Write out the data exactly, every line included.

_Entries supplied_
* * * * * * * * *
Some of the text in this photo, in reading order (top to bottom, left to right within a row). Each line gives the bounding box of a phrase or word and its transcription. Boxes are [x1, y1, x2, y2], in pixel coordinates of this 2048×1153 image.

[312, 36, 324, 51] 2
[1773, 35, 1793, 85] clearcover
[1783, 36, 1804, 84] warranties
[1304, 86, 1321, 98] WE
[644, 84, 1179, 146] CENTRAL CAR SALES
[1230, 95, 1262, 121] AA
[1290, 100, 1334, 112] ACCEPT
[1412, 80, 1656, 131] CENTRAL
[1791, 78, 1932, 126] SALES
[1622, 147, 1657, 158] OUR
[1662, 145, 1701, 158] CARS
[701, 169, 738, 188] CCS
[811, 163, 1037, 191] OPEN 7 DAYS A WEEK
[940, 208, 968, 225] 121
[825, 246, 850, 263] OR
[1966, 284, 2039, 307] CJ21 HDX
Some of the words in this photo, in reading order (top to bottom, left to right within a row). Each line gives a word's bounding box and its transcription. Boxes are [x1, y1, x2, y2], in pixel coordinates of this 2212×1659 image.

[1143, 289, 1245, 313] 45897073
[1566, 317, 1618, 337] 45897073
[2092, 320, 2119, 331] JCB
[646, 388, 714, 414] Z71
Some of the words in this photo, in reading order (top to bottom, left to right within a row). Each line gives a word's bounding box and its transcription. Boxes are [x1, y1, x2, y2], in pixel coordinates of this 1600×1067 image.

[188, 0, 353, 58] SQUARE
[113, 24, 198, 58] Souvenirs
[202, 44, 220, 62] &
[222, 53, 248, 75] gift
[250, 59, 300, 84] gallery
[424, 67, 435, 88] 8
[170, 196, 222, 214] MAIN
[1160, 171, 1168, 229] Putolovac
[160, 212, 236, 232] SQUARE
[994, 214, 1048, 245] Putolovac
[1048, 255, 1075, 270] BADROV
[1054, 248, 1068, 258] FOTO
* * * * * * * * *
_The completed task_
Some of the text in this photo, in reading order (top to bottom, left to right within a row). Each line gives the bounding box of a phrase or word and its transcription. Boxes are [x1, y1, x2, y2], in pixel coordinates of this 2048×1153 image.

[312, 36, 324, 51] 2
[1773, 35, 1793, 85] clearcover
[1783, 36, 1804, 84] warranties
[1304, 86, 1321, 98] WE
[644, 84, 1179, 146] CENTRAL CAR SALES
[1230, 95, 1262, 121] AA
[1290, 100, 1334, 112] ACCEPT
[1412, 80, 1656, 131] CENTRAL
[1791, 78, 1932, 126] SALES
[1622, 147, 1657, 158] OUR
[1662, 145, 1701, 158] CARS
[701, 169, 738, 188] CCS
[811, 163, 1037, 191] OPEN 7 DAYS A WEEK
[940, 208, 968, 225] 121
[825, 246, 850, 263] OR
[1966, 284, 2039, 307] CJ21 HDX
Some of the words in this photo, in reading order (top to bottom, left to right within a row). Each line gives a word's bounding box and its transcription. Boxes are [x1, y1, x2, y2], in pixel coordinates of this 2212×1659 image.

[1143, 289, 1245, 313] 45897073
[1566, 317, 1618, 337] 45897073
[2092, 320, 2119, 331] JCB
[646, 388, 714, 414] Z71
Some of the words in this photo, in reading order (top to bottom, left to right within a row). Each line gives a word's bounding box and its transcription. Boxes are [x1, y1, x2, y2], in pixel coordinates of this 1600×1067 image.

[188, 0, 353, 58] SQUARE
[113, 24, 198, 58] Souvenirs
[202, 44, 220, 62] &
[222, 53, 248, 75] gift
[250, 59, 300, 84] gallery
[424, 67, 435, 88] 8
[170, 196, 222, 214] MAIN
[1160, 171, 1168, 229] Putolovac
[160, 212, 236, 232] SQUARE
[994, 214, 1048, 245] Putolovac
[1048, 255, 1075, 270] BADROV
[1054, 248, 1068, 258] FOTO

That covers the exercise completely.